Junto a este hombre bohemio, amante de las técnicas en barbacoa y de la carne asada sobre fuego, creció también un bonaerense que, a los tres años, lució el delantal y el gorro de cocinero para ayudarle a su incansable abuelo, Alberto Lagos. Alberto conducía dos pasiones de gran regocijo: la cocina y la escultura. Su nieto, ese chico observador y paciente vestido con delantal, se llamaba Carlos Alberto Dumas, alias “El Gato Dumas”. A los seis años, Dumas cortó varios hongos para preparar sus primeras sopas y sus primeras salsas.
Carlos Alberto pasó horas enteras en su casa, sentado como una momia en el interior de la cocina, atento a los movimientos de la cocinera –una feliz argentina– que preparaba exquisitos platos para su familia. Muy chiquitín comenzó a embelesarse con la arquitectura y el arte de la culinaria. Una vez graduado del colegio, optó por ser el arquitecto que soñaba, pero entre planos, dibujos, perspectiva lineal y maquetas, la inclinación por la gastronomía lo hizo cambiar de planes. Contó a sus padres que dejaría la universidad para aprender gastronomía.
En Londres se metió de lleno a cocinar. Listo para ofrecer platos innovadores, regresó a su país, –la querida Argentina– donde abrió su primer establecimiento en el barrio Recoleta de Buenos Aires. Su éxito con “La Chimére” comenzó con la delicadeza y la elegancia con que preparaba todo. El público captó, más pronto que tarde, su tremenda habilidad culinaria. Carlos Alberto se lanzó entonces al camino de los restaurantes: “La terraza del Gato Dumas”, “La Termita”, “El Nuevo Gato”. A Colombia trajo su genial escuela ubicada en el occidente de Bogotá, donde se enseña pastelería, panadería y otras especialidades más.
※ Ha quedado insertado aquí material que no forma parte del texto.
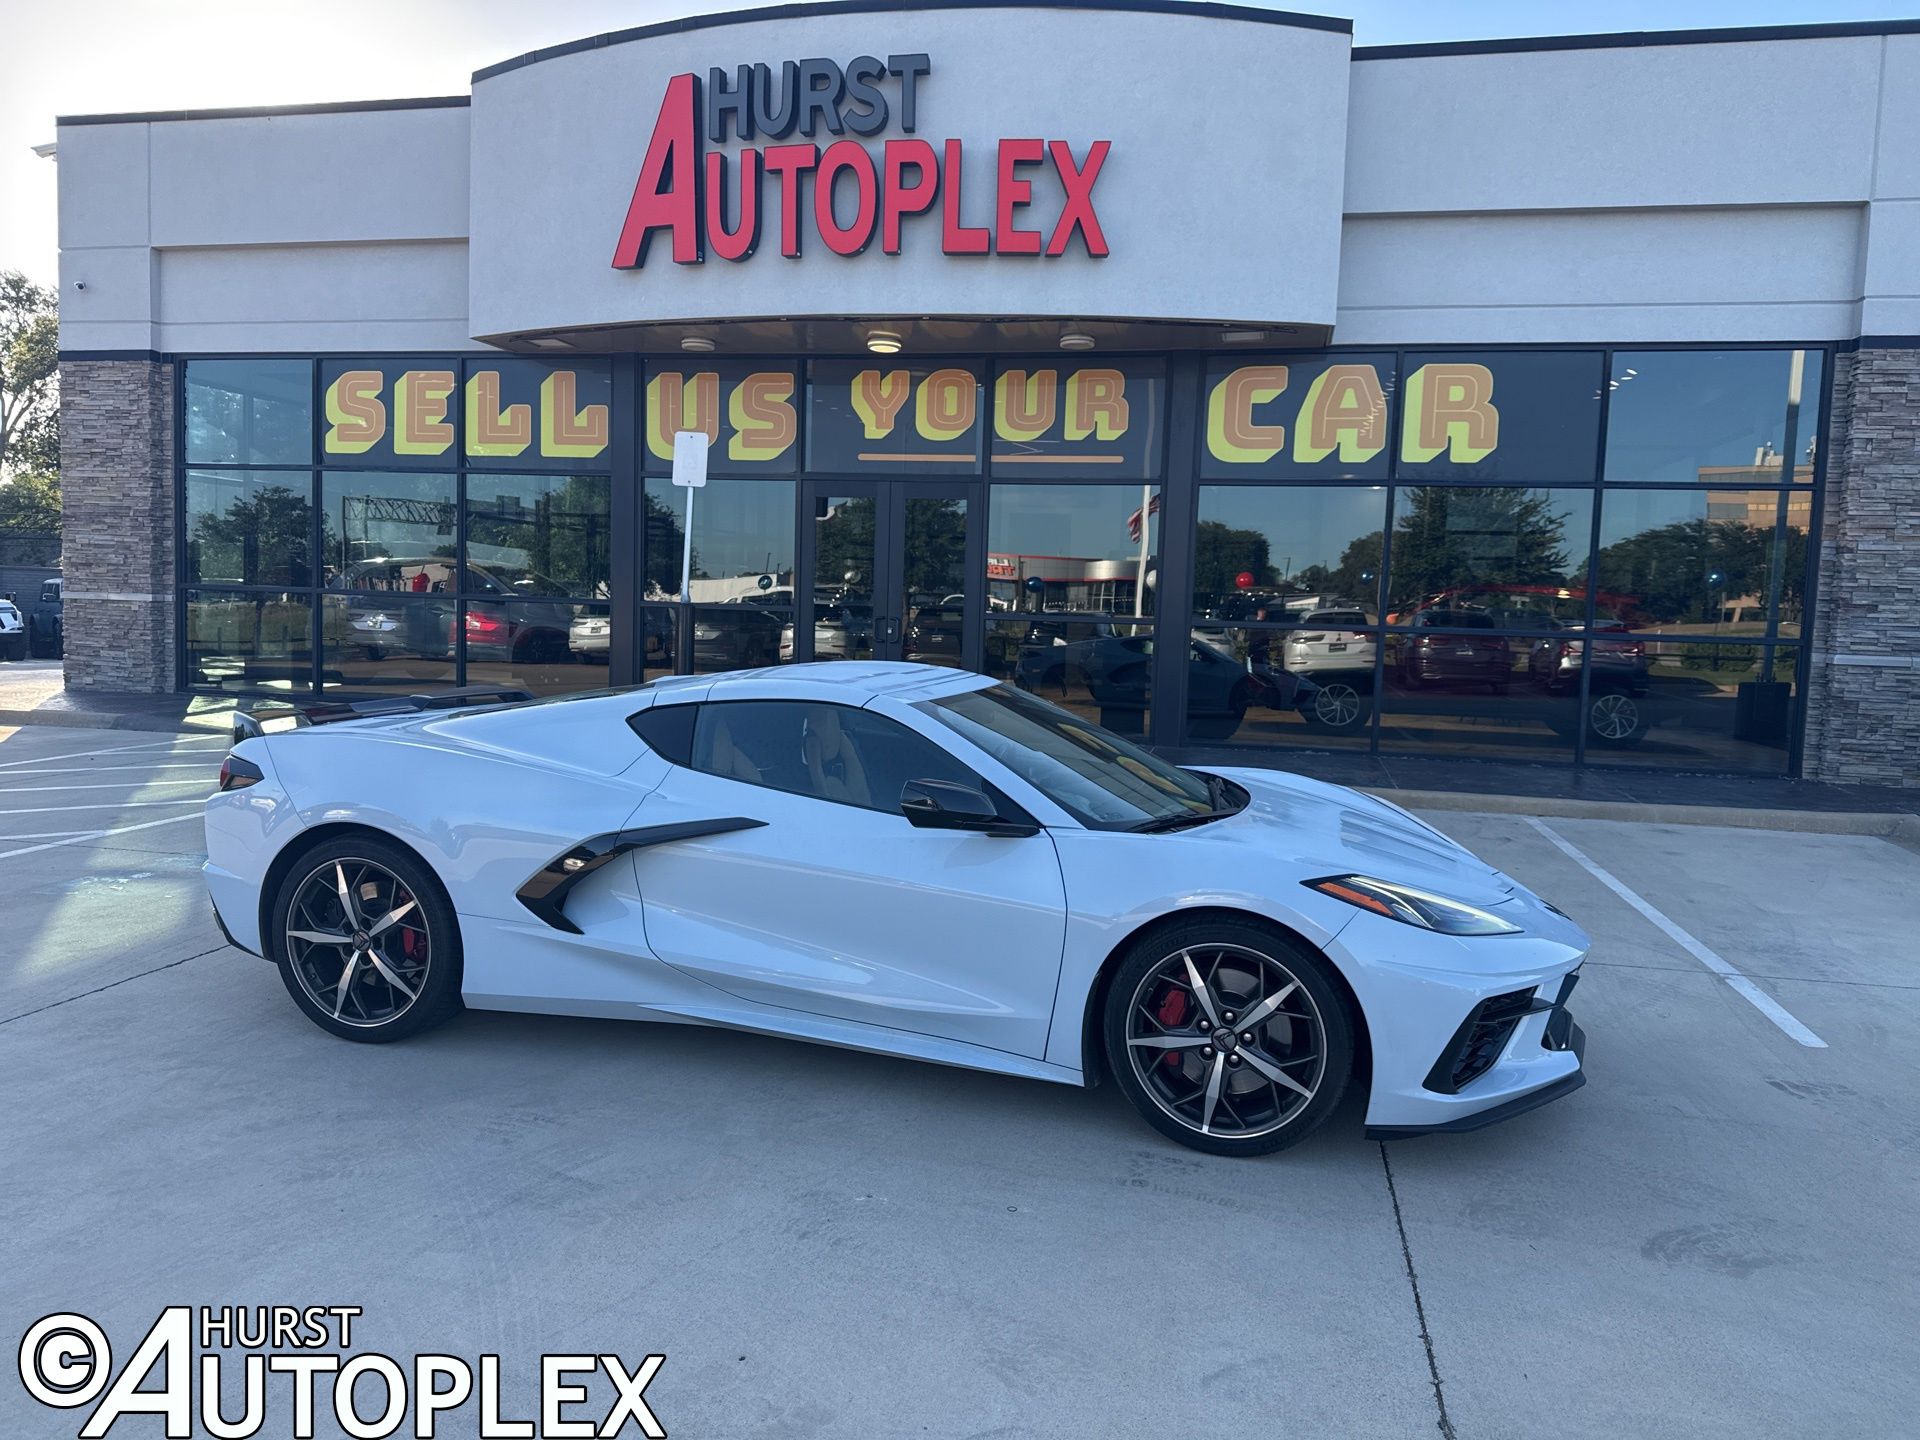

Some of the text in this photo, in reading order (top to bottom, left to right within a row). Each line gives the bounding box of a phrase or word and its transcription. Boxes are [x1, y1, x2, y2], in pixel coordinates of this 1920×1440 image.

[708, 53, 931, 143] HURST
[611, 72, 1112, 269] AUTOPLEX
[325, 363, 1500, 464] SELL US YOUR CAR
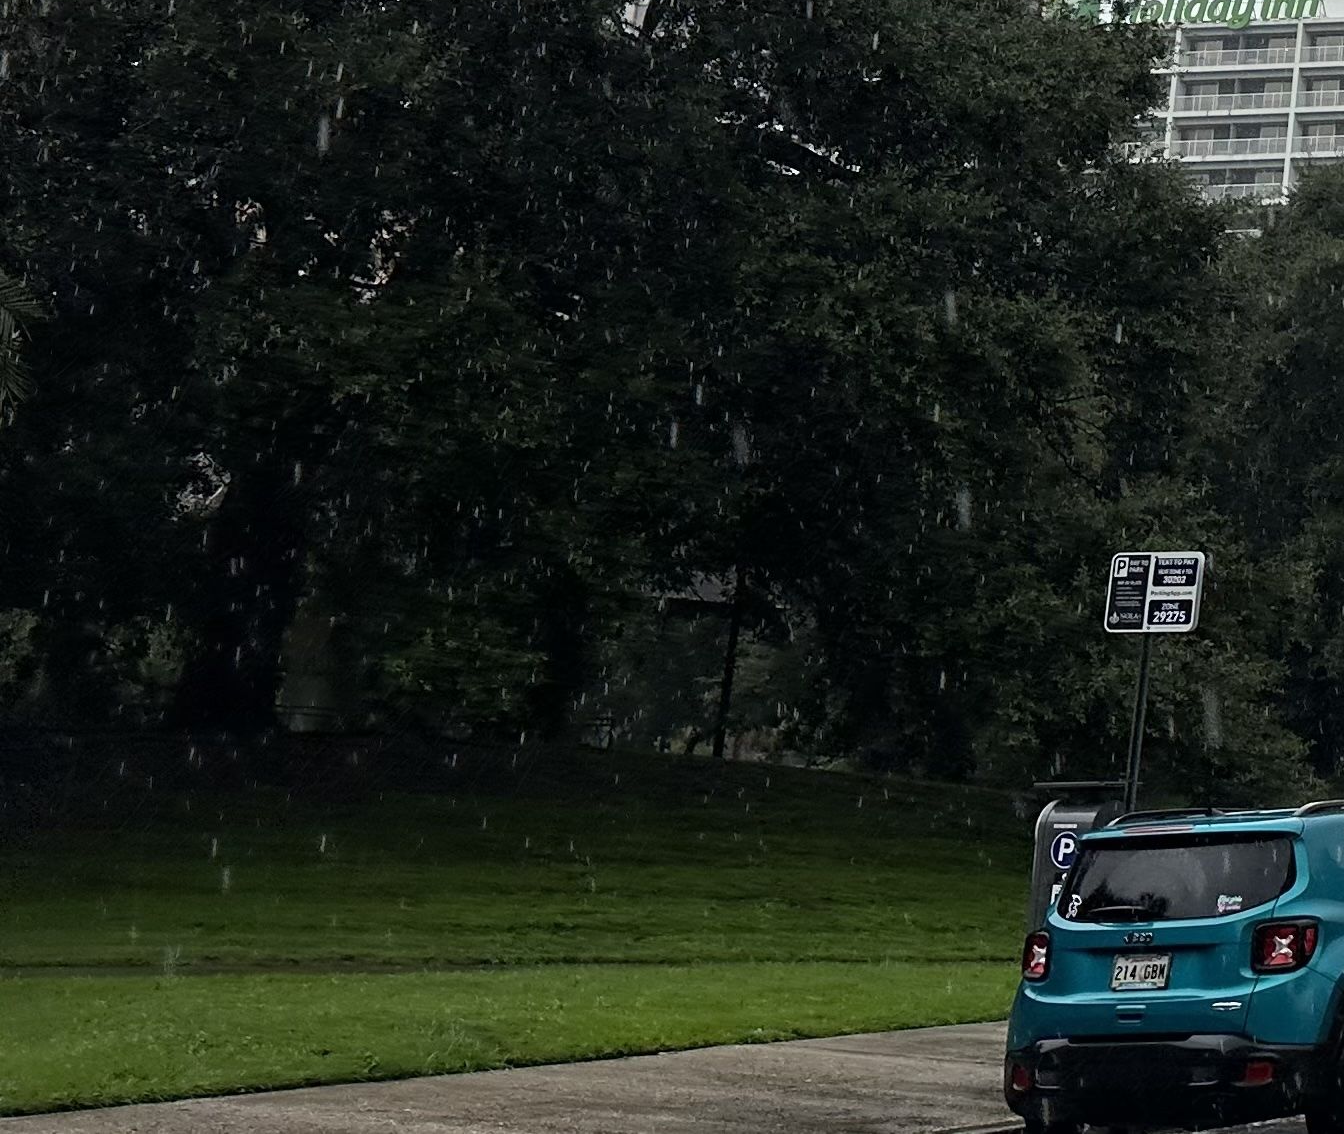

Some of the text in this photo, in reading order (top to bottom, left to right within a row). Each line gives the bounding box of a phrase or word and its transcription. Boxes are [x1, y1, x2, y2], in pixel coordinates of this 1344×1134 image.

[1152, 611, 1187, 623] 29275
[1057, 837, 1076, 862] P
[1114, 965, 1137, 981] 214
Para Carlos Alberto apareció el proyecto de sacar artículos con sus recetas y recomendaciones. Comenzó a escribir en periódicos y revistas. Esta nueva tarea, verdaderamente, lo llevó a enjaularse, lo hechizó, mientras mantenía flotante el vínculo con la cocina. Las programadoras de televisión lo conquistaron para que desarrollara programas dedicados al buen comer; era un tipo tan ameno en el hablar y entretener, que no se podía desperdiciar un hombre así. En pantalla se volvió uno de los referentes más importantes de la cocina argentina.